Verity Murton had had a crush on the Misters Weasley since she began work at WWW as a 16-year-old squib. There weren't many opportunities available for her in the Wizarding world, and when the Weasleys hired her, they had rescued her from a miserable existence, and allowed her to be a member of, in small part, a wondrous world that her Pureblood parents had made clear was closed to her because of her lack of magic. They were brash, self-confident to the point of cockiness, and simply adorable in their own gangly ginger sort of way. The Order had provided a safehouse for her (along with those horrible Muggle relations of Harry Potter) during the low point of the war, and the Weasley Clan had adopted her as one of their own shortly afterwards. All of this cemented the image in her mind of Fred and George Weasley in shining armor on a white horse picking her up and carrying her away. So one day, when she and a particularly emotionally needy George were packing Owl orders, sharing memories of Fred (I), and George leaned over to kiss her, she didn't stop him. And she floated home that evening with a silly grin plastered to her face.

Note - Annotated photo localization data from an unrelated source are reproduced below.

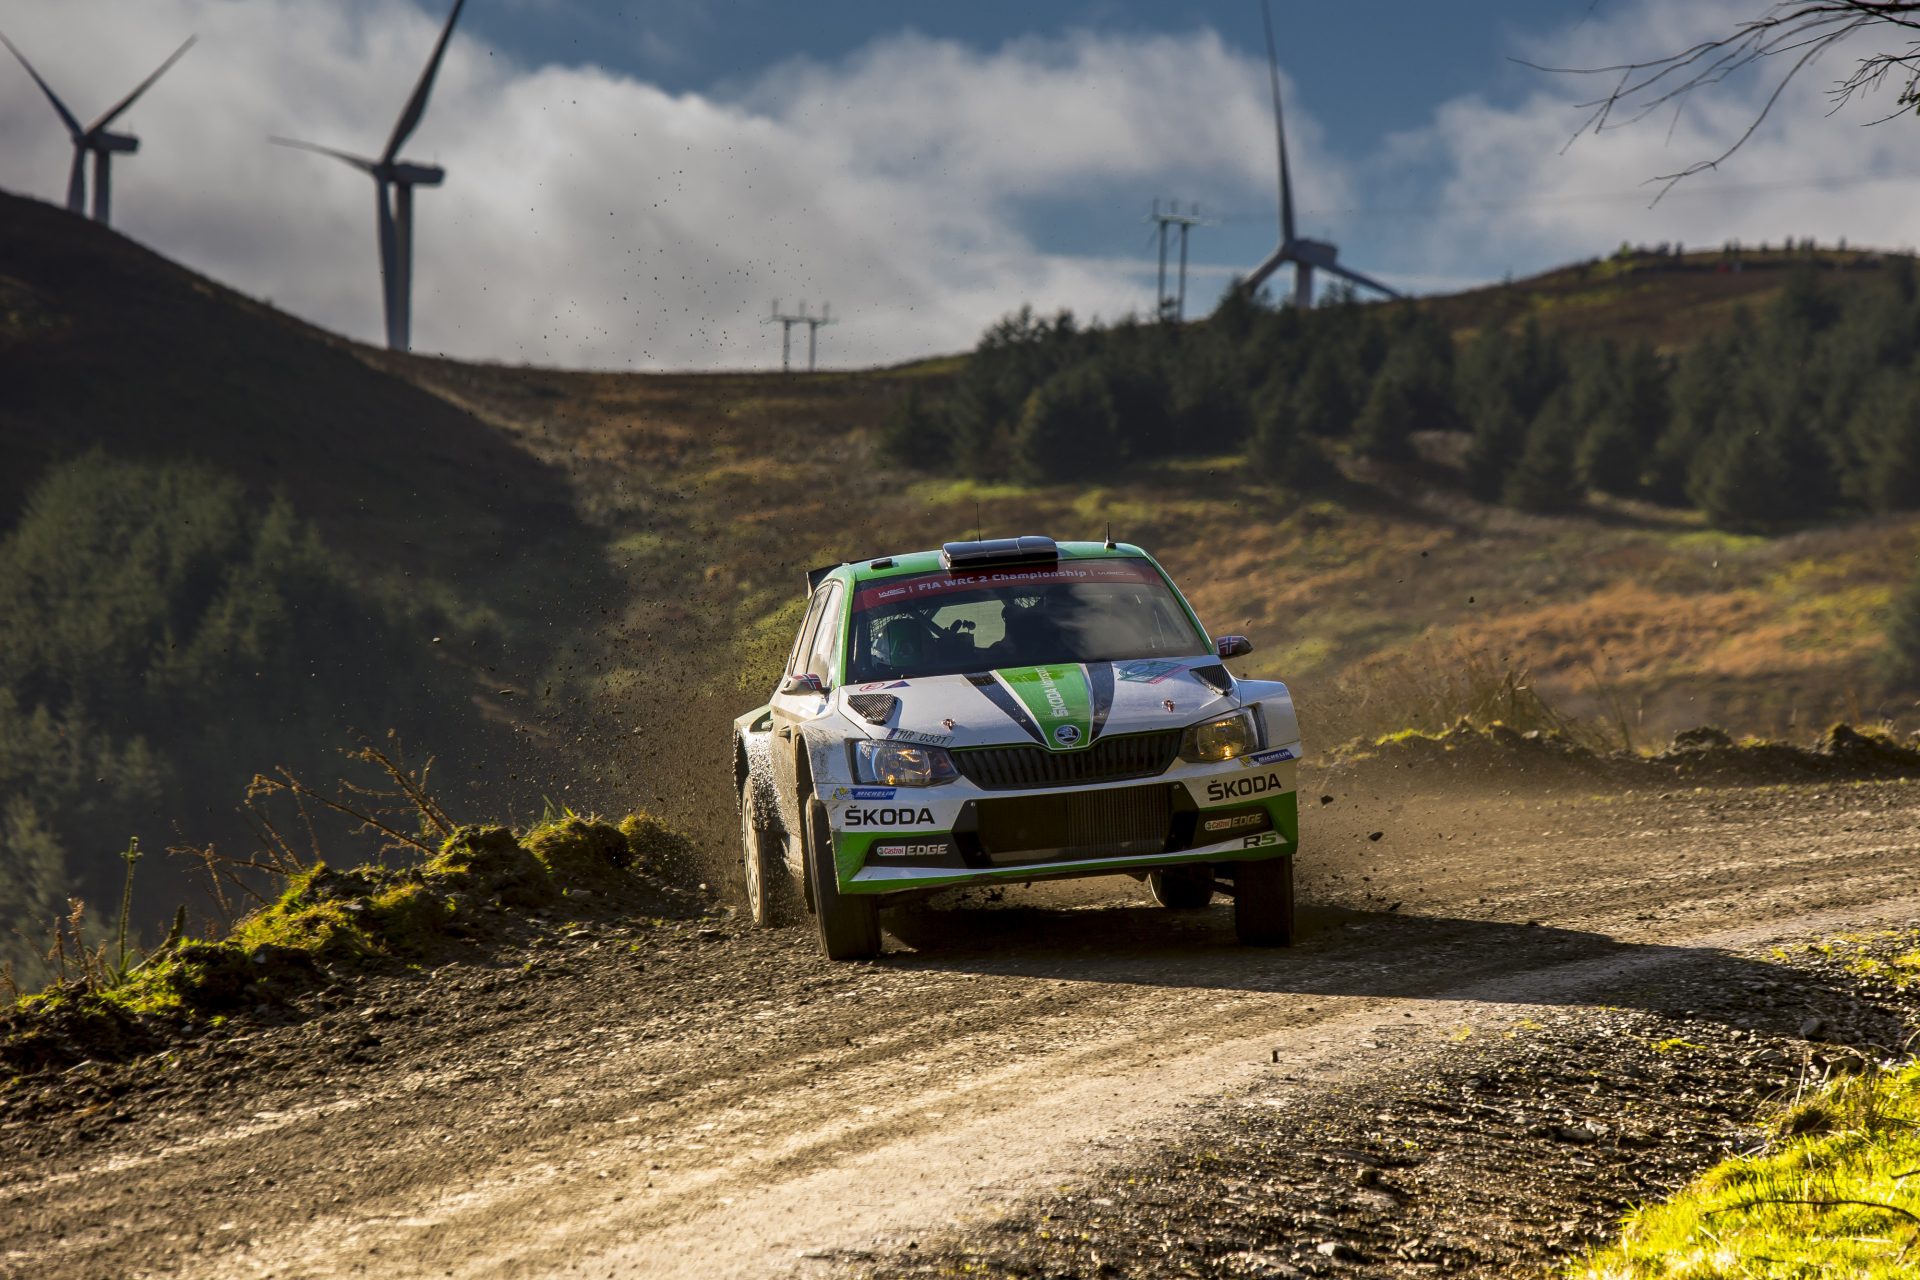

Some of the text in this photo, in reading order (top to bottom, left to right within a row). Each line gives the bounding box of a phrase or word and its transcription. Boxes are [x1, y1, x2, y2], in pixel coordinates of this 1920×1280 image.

[918, 581, 942, 591] FIA
[944, 577, 974, 586] WRC
[979, 575, 988, 583] 2
[991, 568, 1087, 581] Championship
[1047, 687, 1069, 717] ŠKODA
[1258, 751, 1291, 762] MICHELIN
[1207, 774, 1281, 801] ŠKODA
[845, 805, 935, 826] ŠKODA
[1232, 813, 1262, 828] EDGE
[884, 844, 949, 855] Castrol EDGE
[1243, 833, 1277, 848] R5
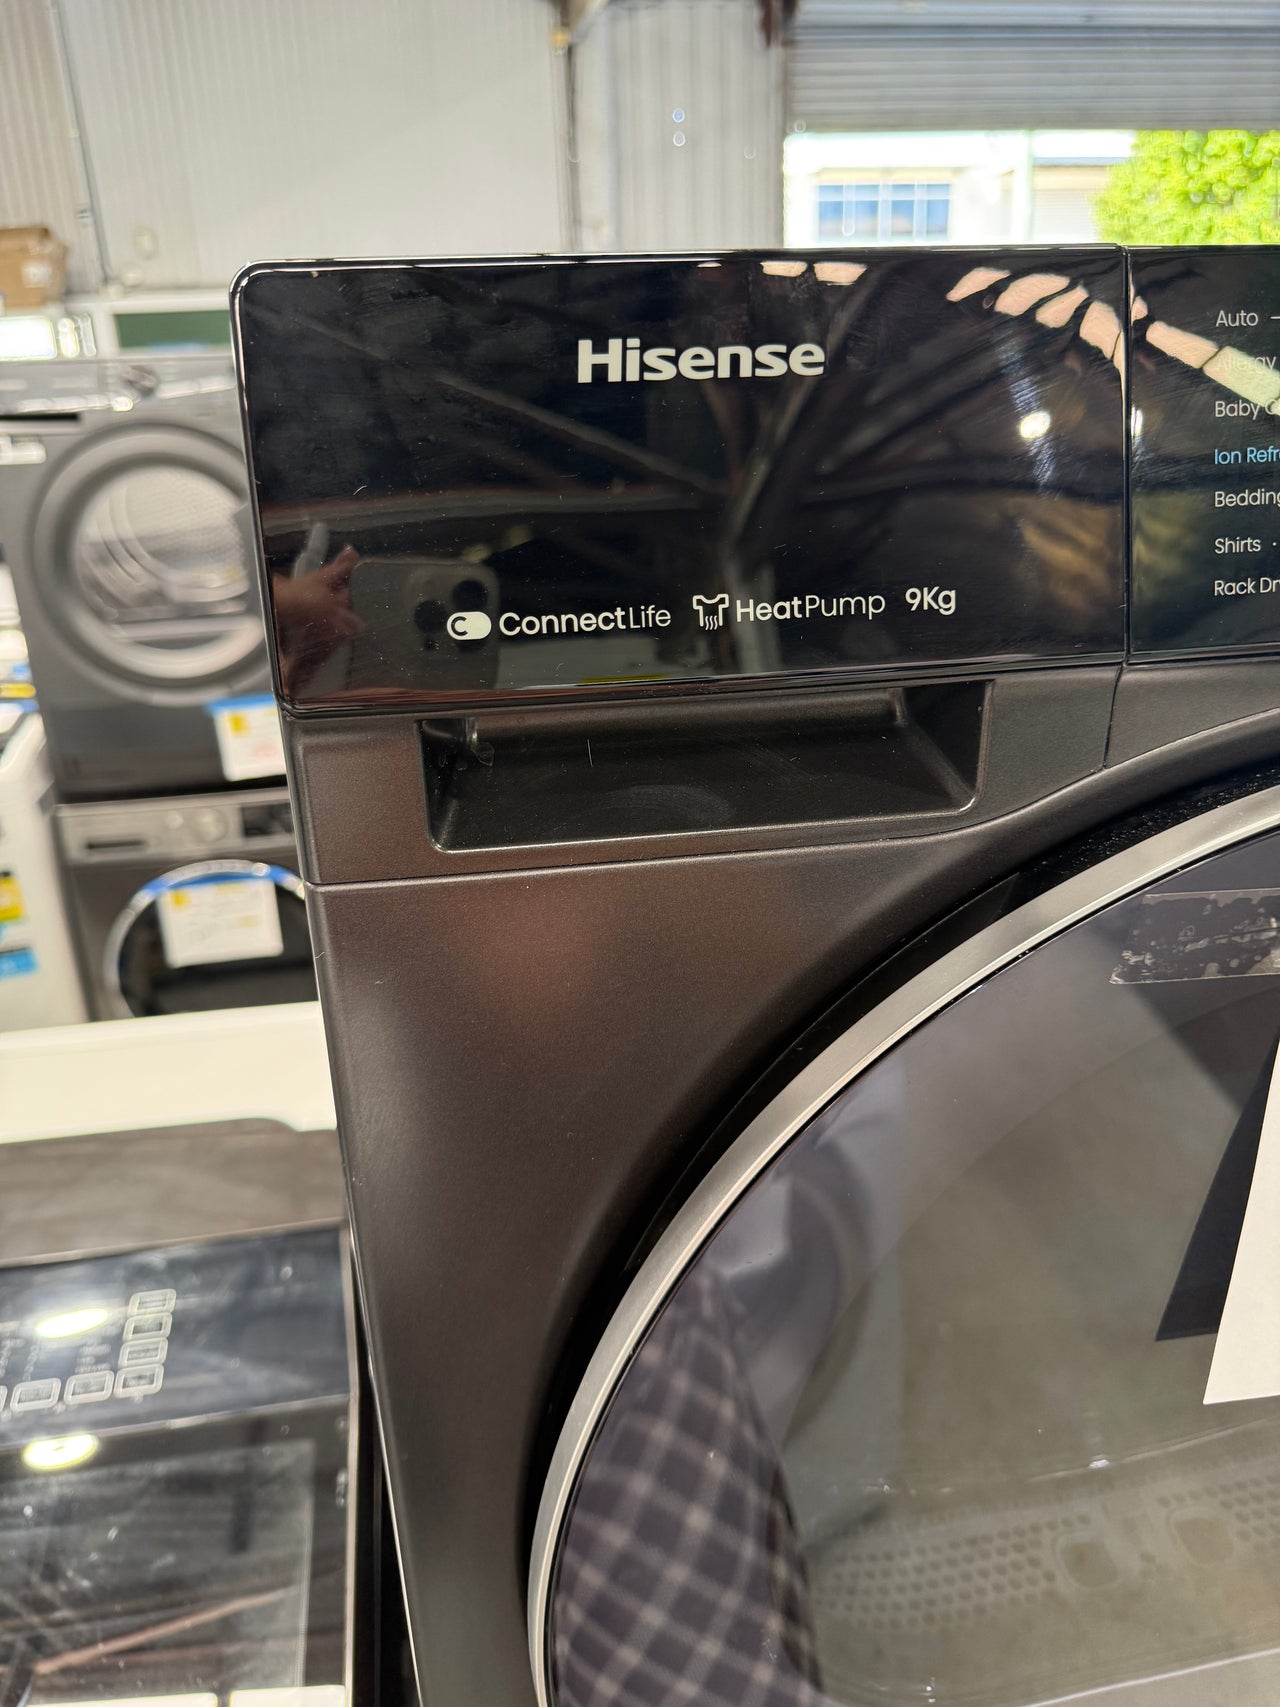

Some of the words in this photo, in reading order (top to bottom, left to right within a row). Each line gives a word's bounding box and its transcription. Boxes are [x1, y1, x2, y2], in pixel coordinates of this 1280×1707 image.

[1215, 310, 1259, 327] Auto
[577, 338, 825, 384] Hisense
[1214, 400, 1260, 420] Baby
[1214, 449, 1242, 465] Ion
[1246, 445, 1280, 464] Refr
[1214, 537, 1262, 554] Shirts
[1214, 577, 1256, 596] Rack
[1260, 577, 1280, 594] Dr
[735, 594, 886, 623] HeatPump
[905, 586, 957, 616] 9Kg
[498, 605, 672, 637] ConnectLife

It was just this once, they said. Then it was just until Roxanne was born. Then they tried to stop half a dozen times over the next decade. Verity was under no illusions that their relationship was anything more than what it was. But she also knew George needed her, and she needed that. There were no presents, no fancy dinners, just sweaty, grasping, utilitarian sex in the owl order warehouse.

Then, on September 2nd 2014, the day after Roxanne sent a note saying how happy she was to have been sorted Gryffindor, George came home to find a different note in place of Angelina's belongings.

"I know about Verity, but I don't blame you," the note began, and George crumpled it into a ball and collapsed on the sofa. He opened it again and read further. The kids would be staying with him, as Angelina couldn't bear to tear them apart from their cousins. They'd sit down for a conversation with them around Hallowe'en, and things would be as cordial and painless as they could manage.

"You're gone. You're all gone," it continued. "First Fred, then you, now the kids. I can't keep living like this. I can't lose anymore."

George pulled a bottle of Firewhiskey from the cupboard, uncorked it and drank it down. The burn in his esophagus and ear did nothing but magnify the guilt and shame he was feeling. Pictures of his brother around the sitting room waved at him mockingly, accusingly. Nearly unconscious, he apparated to the Burrow, minus his left eyebrow, and stumbled to his brother's grave.

"Hello, dear brother of mine," he slurred.

His response was the silence of the Devon night air. George fell to his knees in front of the headstone.

"I'm sorry," he continued. "I'm so sorry."